In UA, you can find Custom alerts under the Views of your property. Since views no longer exist in GA4, you need to configure and manage your alerts elsewhere.

Before I will get to this, let’s have a look at UA custom alerts

Where can you find custom alerts in UA?

It’s rather easy to set up an alert in Universal Analytics, but don't bother doing it. GA4 will replace UA on the 1st of July 2023. Our free GA migration guide helps you make the transition easy.

In case your UA account has alerts, you can reverse engineer them and implement them in your GA4 account.

To check your custom alerts in UA and their settings, go to Admin > View > Custom Alerts.

Now you have an overview of all custom alerts for the selected view.

When you click on an alert, you see the following fields:

  1. A descriptive name
  2. A period
  3. The option to send an email alert
  4. The Views associated with this alert
  5. Alert conditions

The example below is an alert for the moments your traffic increases 100% compared to the same day last week.

If you have set up useful custom alerts in UA, you can implement them in your GA4 account.

It looks different, but again, this is easy to do since GA4 had some pre-filled options you only need to activate.

How to activate suggested custom alerts in GA4?

The path to your custom alerts in GA4 is different from UA. Open the Homepage of your account and scroll down to Insights.

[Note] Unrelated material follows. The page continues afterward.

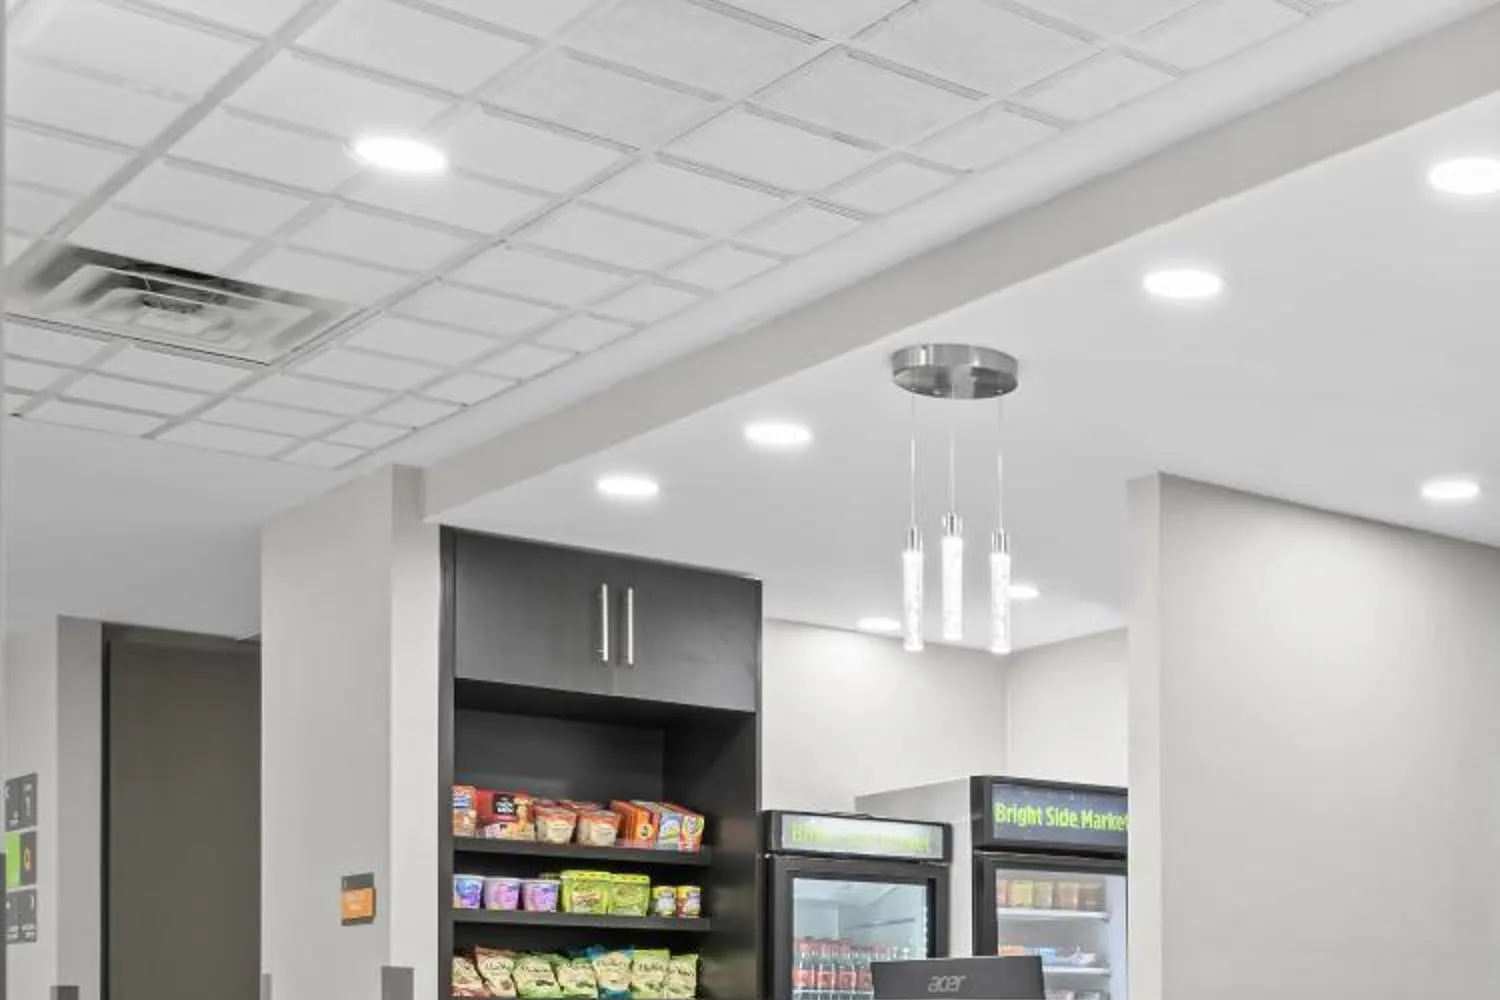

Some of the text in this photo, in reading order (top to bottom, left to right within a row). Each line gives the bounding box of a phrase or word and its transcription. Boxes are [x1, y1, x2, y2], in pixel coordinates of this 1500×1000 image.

[994, 801, 1043, 828] Bright
[1045, 805, 1079, 829] Side
[927, 975, 968, 993] acer

If your GA4 account is new, you won’t see any Insights, but you can click on the blue button to See Suggested Insights.

On the next screen, you can create a Custom Insight from scratch. We have covered GA4 automated insights on our blog, so I won’t repeat the steps here.

If you are new to Google Analytics 4, it’s more interesting (and faster) to activate the Suggested Custom Insights.

You can select and review all the default custom insights. There is no need to switch on your overthink mode at this point.

Choose all possible anomalies:

  • Anomaly in daily event count
  • Anomaly in daily views
  • Anomaly in daily conversions
  • Anomaly in daily revenue (for apps and e-commerce sites only)

At this point, you change the emails of the receivers of the notifications.

To do so, click on the Review and Create link next to the Insight of your choice.

In the next screen, scroll down to Manage notifications and fill in the emails of your team members or departments that need to be notified.

Finally, click on the blue button Create selected.

Then, click on Manage at the button that appears at the bottom of the screen.

Change the slider to start receiving email notifications for a custom insight.

Once you are done, you need to wait for Insights to show up in your account.

Remember, we are talking about anomalies.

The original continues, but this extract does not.